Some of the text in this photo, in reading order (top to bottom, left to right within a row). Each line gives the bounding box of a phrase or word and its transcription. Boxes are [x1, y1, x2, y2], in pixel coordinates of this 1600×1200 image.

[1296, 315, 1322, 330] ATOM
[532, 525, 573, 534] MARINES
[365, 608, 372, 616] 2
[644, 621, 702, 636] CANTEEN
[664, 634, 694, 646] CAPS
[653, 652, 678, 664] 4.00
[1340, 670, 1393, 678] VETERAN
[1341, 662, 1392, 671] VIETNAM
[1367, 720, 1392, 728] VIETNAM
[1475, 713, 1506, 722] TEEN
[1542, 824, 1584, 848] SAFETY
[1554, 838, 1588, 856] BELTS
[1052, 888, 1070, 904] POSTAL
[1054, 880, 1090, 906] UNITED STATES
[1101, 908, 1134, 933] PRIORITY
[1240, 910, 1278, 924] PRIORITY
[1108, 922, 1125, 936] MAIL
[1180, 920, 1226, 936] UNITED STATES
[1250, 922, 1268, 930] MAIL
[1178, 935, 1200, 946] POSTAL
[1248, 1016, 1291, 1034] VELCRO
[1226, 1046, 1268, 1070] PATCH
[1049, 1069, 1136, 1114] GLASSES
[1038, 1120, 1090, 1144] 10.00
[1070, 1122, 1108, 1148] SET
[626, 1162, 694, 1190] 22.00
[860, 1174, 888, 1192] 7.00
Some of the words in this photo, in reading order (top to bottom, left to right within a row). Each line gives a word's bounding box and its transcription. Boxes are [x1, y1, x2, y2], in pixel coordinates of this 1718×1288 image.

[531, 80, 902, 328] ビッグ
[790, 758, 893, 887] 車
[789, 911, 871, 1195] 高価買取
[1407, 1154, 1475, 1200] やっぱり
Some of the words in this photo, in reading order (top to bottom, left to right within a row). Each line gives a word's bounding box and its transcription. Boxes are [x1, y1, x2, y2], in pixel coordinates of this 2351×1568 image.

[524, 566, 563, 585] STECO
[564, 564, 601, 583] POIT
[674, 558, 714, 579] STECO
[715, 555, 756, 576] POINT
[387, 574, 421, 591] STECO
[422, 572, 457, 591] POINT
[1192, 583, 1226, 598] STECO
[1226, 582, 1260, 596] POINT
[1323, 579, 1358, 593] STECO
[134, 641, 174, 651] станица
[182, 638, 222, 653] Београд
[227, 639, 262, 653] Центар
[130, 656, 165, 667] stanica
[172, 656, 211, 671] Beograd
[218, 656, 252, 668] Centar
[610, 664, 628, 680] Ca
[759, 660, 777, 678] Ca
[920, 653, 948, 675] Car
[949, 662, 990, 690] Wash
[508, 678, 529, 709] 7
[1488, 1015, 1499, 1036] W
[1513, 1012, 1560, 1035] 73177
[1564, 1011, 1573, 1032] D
- - - -
= Your objective =
Every entry must be repeated exactly; none may be skipped.

= Answer space =
Some of the text in this photo, in reading order (top to bottom, left to right within a row). Each line gives the bounding box of a phrase or word and its transcription. Boxes are [x1, y1, x2, y2], in pixel coordinates of this 1600×1200 image.

[1296, 315, 1322, 330] ATOM
[532, 525, 573, 534] MARINES
[365, 608, 372, 616] 2
[644, 621, 702, 636] CANTEEN
[664, 634, 694, 646] CAPS
[653, 652, 678, 664] 4.00
[1340, 670, 1393, 678] VETERAN
[1341, 662, 1392, 671] VIETNAM
[1367, 720, 1392, 728] VIETNAM
[1475, 713, 1506, 722] TEEN
[1542, 824, 1584, 848] SAFETY
[1554, 838, 1588, 856] BELTS
[1052, 888, 1070, 904] POSTAL
[1054, 880, 1090, 906] UNITED STATES
[1101, 908, 1134, 933] PRIORITY
[1240, 910, 1278, 924] PRIORITY
[1108, 922, 1125, 936] MAIL
[1180, 920, 1226, 936] UNITED STATES
[1250, 922, 1268, 930] MAIL
[1178, 935, 1200, 946] POSTAL
[1248, 1016, 1291, 1034] VELCRO
[1226, 1046, 1268, 1070] PATCH
[1049, 1069, 1136, 1114] GLASSES
[1038, 1120, 1090, 1144] 10.00
[1070, 1122, 1108, 1148] SET
[626, 1162, 694, 1190] 22.00
[860, 1174, 888, 1192] 7.00
Some of the words in this photo, in reading order (top to bottom, left to right within a row). Each line gives a word's bounding box and its transcription. Boxes are [x1, y1, x2, y2], in pixel coordinates of this 1718×1288 image.

[531, 80, 902, 328] ビッグ
[790, 758, 893, 887] 車
[789, 911, 871, 1195] 高価買取
[1407, 1154, 1475, 1200] やっぱり
Some of the words in this photo, in reading order (top to bottom, left to right within a row). Each line gives a word's bounding box and its transcription. Boxes are [x1, y1, x2, y2], in pixel coordinates of this 2351×1568 image.

[524, 566, 563, 585] STECO
[564, 564, 601, 583] POIT
[674, 558, 714, 579] STECO
[715, 555, 756, 576] POINT
[387, 574, 421, 591] STECO
[422, 572, 457, 591] POINT
[1192, 583, 1226, 598] STECO
[1226, 582, 1260, 596] POINT
[1323, 579, 1358, 593] STECO
[134, 641, 174, 651] станица
[182, 638, 222, 653] Београд
[227, 639, 262, 653] Центар
[130, 656, 165, 667] stanica
[172, 656, 211, 671] Beograd
[218, 656, 252, 668] Centar
[610, 664, 628, 680] Ca
[759, 660, 777, 678] Ca
[920, 653, 948, 675] Car
[949, 662, 990, 690] Wash
[508, 678, 529, 709] 7
[1488, 1015, 1499, 1036] W
[1513, 1012, 1560, 1035] 73177
[1564, 1011, 1573, 1032] D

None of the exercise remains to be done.